* [WORK INSTRUCTIONS] Would you please copy the entries exactly, leaving every picture aside?

* [TASK MATERIAL]
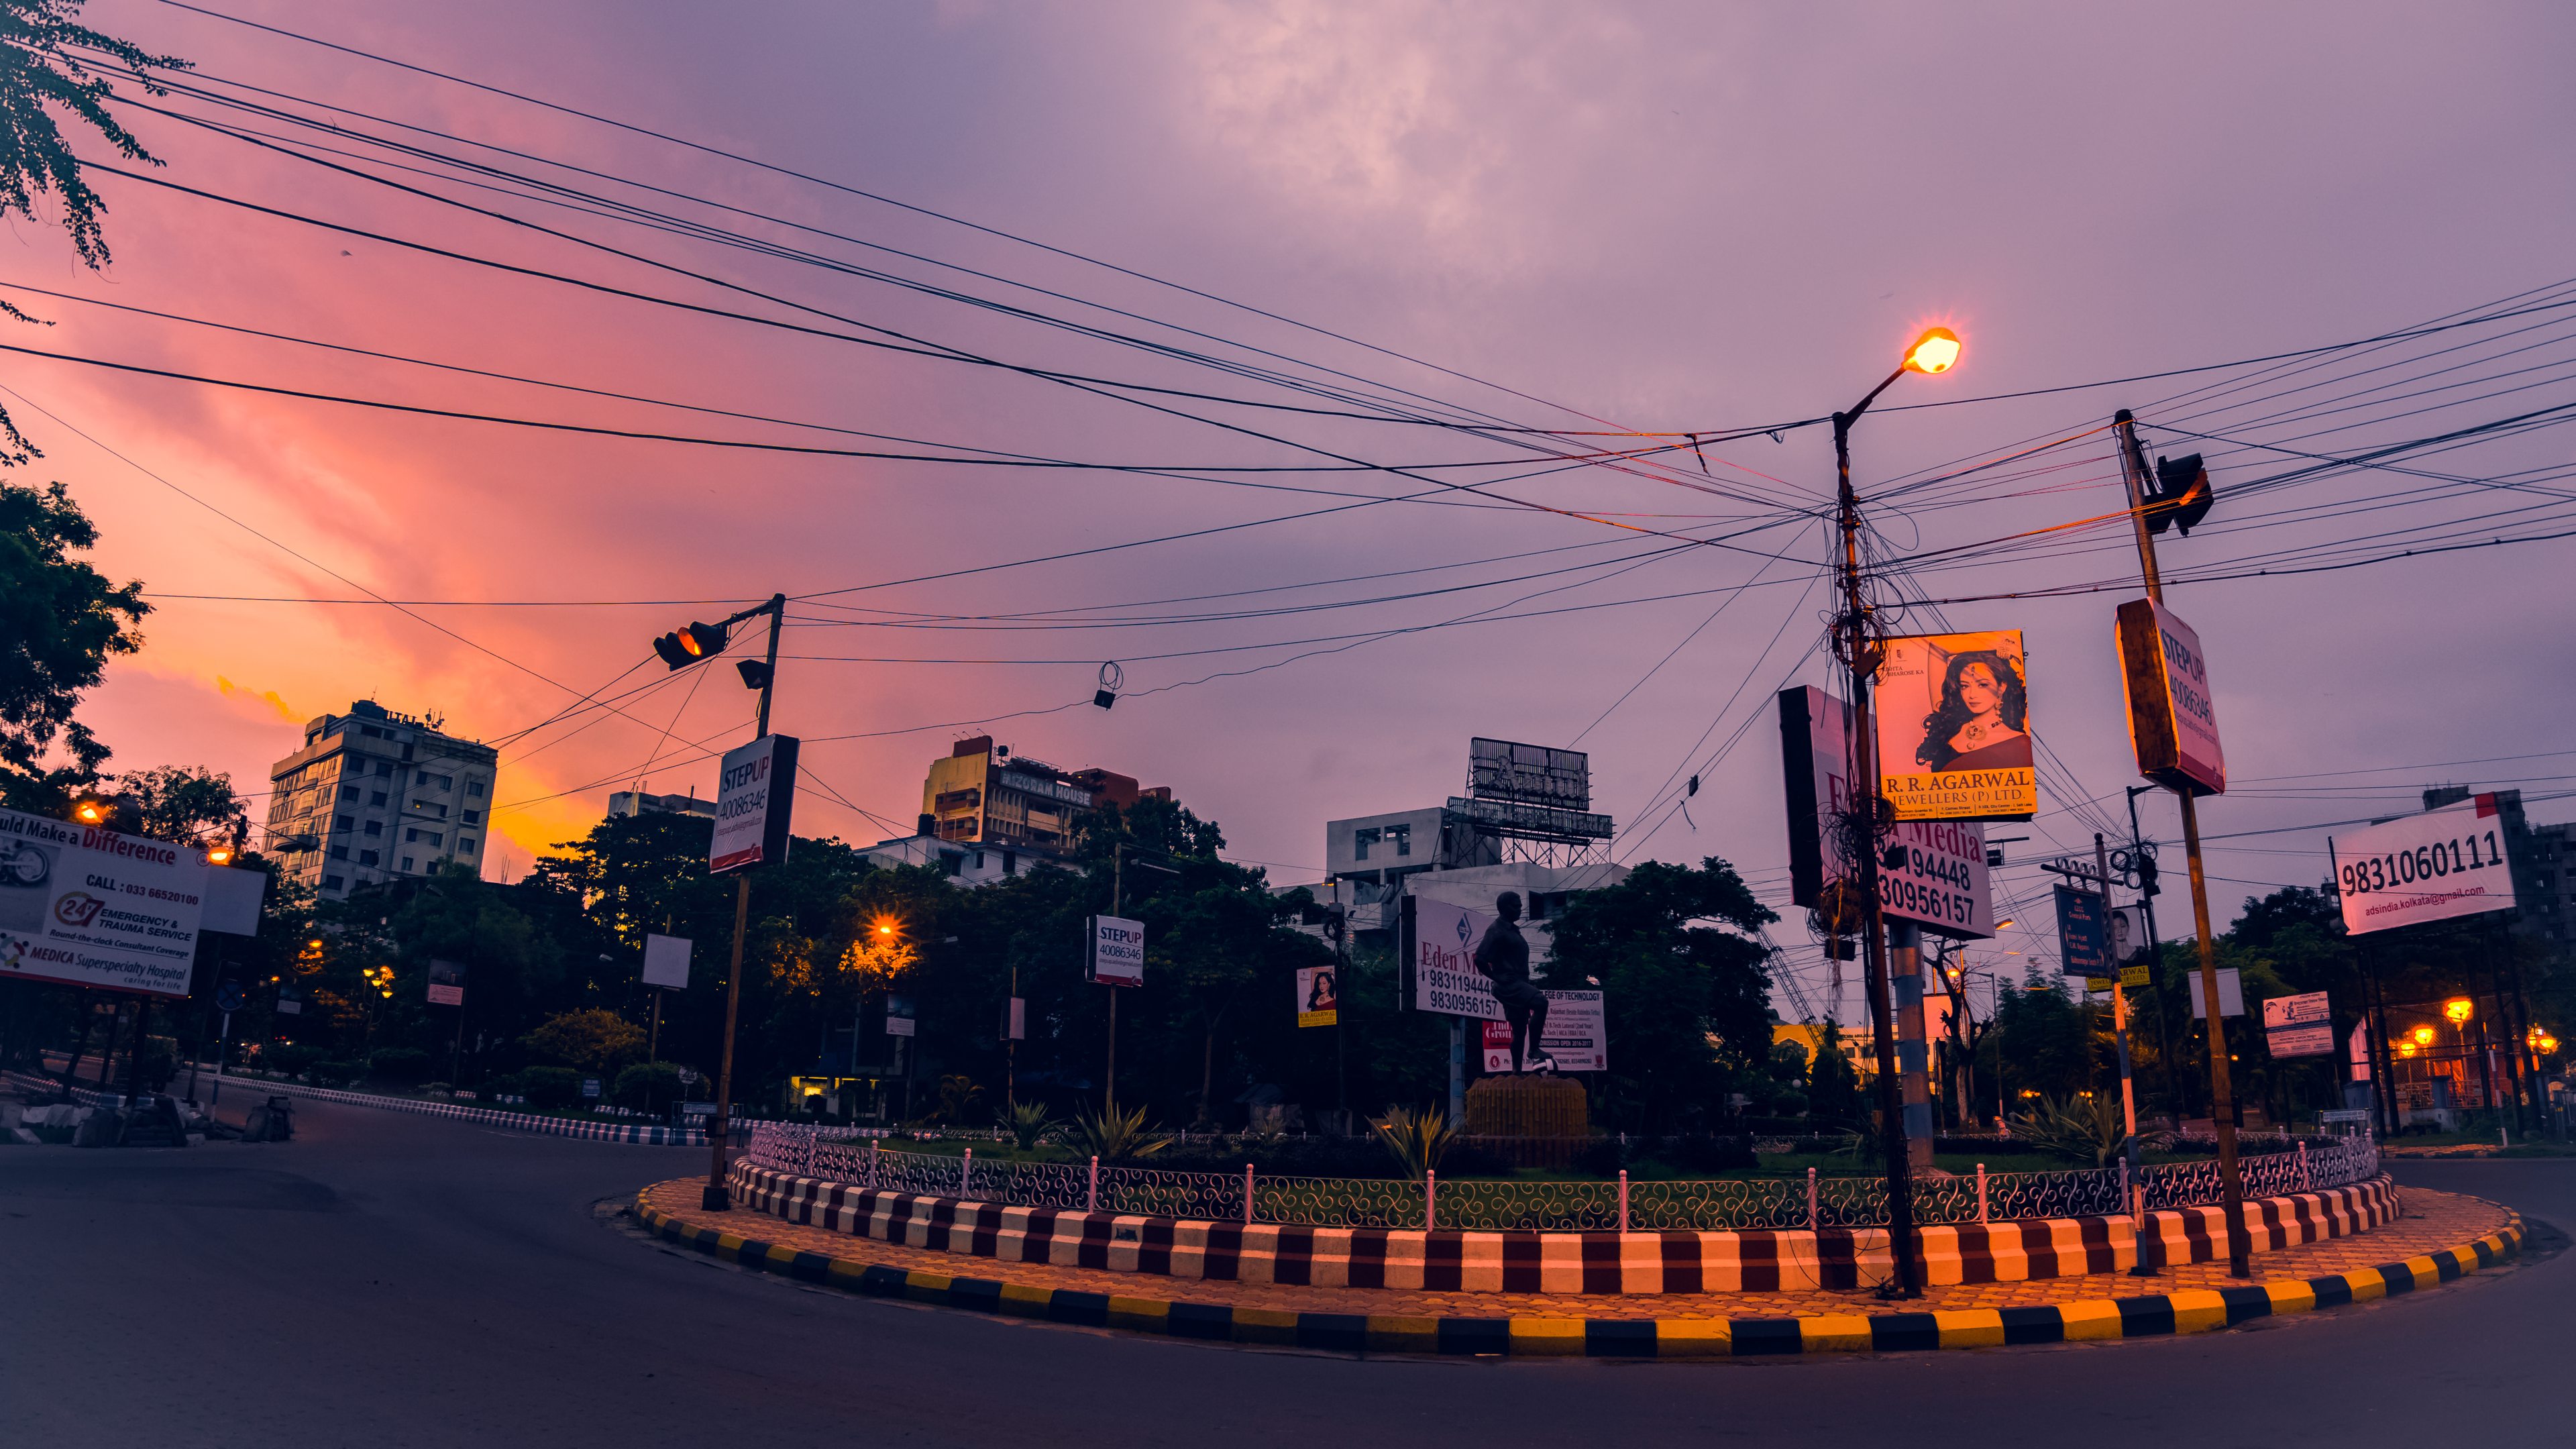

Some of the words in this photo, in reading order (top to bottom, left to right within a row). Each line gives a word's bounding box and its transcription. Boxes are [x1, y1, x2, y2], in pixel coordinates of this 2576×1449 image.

[2161, 628, 2204, 685] STEPUP
[2169, 674, 2212, 726] 40086346
[722, 755, 770, 793] STEPUP
[1002, 772, 1053, 796] MIZORAM
[1056, 785, 1091, 806] HOUSE
[1886, 778, 1903, 793] R.
[1907, 777, 1925, 792] R.
[1929, 771, 2030, 791] AGARWAL
[719, 788, 766, 821] 40086346
[1893, 792, 1968, 806] JEWELLERS
[1972, 791, 1990, 803] (P)
[1995, 789, 2026, 801] LTD.
[25, 819, 67, 843] Make
[69, 832, 78, 845] a
[82, 827, 176, 865] Difference
[1908, 821, 1982, 863] Media
[2343, 830, 2503, 897] 9831060111
[86, 873, 117, 892] CALL
[126, 884, 145, 897] 033
[148, 888, 199, 906] 66520100
[2365, 885, 2485, 917] adsindia.kolkata@gmail.com
[99, 918, 144, 934] TRAUMA
[147, 927, 193, 942] SERVICE
[100, 908, 170, 927] EMERGENCY
[171, 920, 178, 929] &
[49, 928, 113, 947] Round-the-clock
[114, 939, 155, 953] Consultant
[156, 946, 190, 958] Coverage
[1101, 926, 1142, 944] STEPUP
[30, 947, 74, 965] MEDICA
[75, 953, 146, 975] Superspecialty
[147, 964, 187, 981] Hospital
[1099, 944, 1142, 960] 40086346
[1421, 941, 1458, 972] Eden
[124, 977, 152, 987] caring
[153, 979, 166, 988] for
[166, 981, 182, 991] life
[1557, 991, 1565, 1000] OF
[1565, 991, 1600, 1002] TECHNOLOGY
[1430, 990, 1498, 1016] 9830956157

* [ANSWER TO THIS PROBLEM]
Some of the words in this photo, in reading order (top to bottom, left to right within a row). Each line gives a word's bounding box and its transcription. Boxes are [x1, y1, x2, y2], in pixel coordinates of this 2576×1449 image.

[2161, 628, 2204, 685] STEPUP
[2169, 674, 2212, 726] 40086346
[722, 755, 770, 793] STEPUP
[1002, 772, 1053, 796] MIZORAM
[1056, 785, 1091, 806] HOUSE
[1886, 778, 1903, 793] R.
[1907, 777, 1925, 792] R.
[1929, 771, 2030, 791] AGARWAL
[719, 788, 766, 821] 40086346
[1893, 792, 1968, 806] JEWELLERS
[1972, 791, 1990, 803] (P)
[1995, 789, 2026, 801] LTD.
[25, 819, 67, 843] Make
[69, 832, 78, 845] a
[82, 827, 176, 865] Difference
[1908, 821, 1982, 863] Media
[2343, 830, 2503, 897] 9831060111
[86, 873, 117, 892] CALL
[126, 884, 145, 897] 033
[148, 888, 199, 906] 66520100
[2365, 885, 2485, 917] adsindia.kolkata@gmail.com
[99, 918, 144, 934] TRAUMA
[147, 927, 193, 942] SERVICE
[100, 908, 170, 927] EMERGENCY
[171, 920, 178, 929] &
[49, 928, 113, 947] Round-the-clock
[114, 939, 155, 953] Consultant
[156, 946, 190, 958] Coverage
[1101, 926, 1142, 944] STEPUP
[30, 947, 74, 965] MEDICA
[75, 953, 146, 975] Superspecialty
[147, 964, 187, 981] Hospital
[1099, 944, 1142, 960] 40086346
[1421, 941, 1458, 972] Eden
[124, 977, 152, 987] caring
[153, 979, 166, 988] for
[166, 981, 182, 991] life
[1557, 991, 1565, 1000] OF
[1565, 991, 1600, 1002] TECHNOLOGY
[1430, 990, 1498, 1016] 9830956157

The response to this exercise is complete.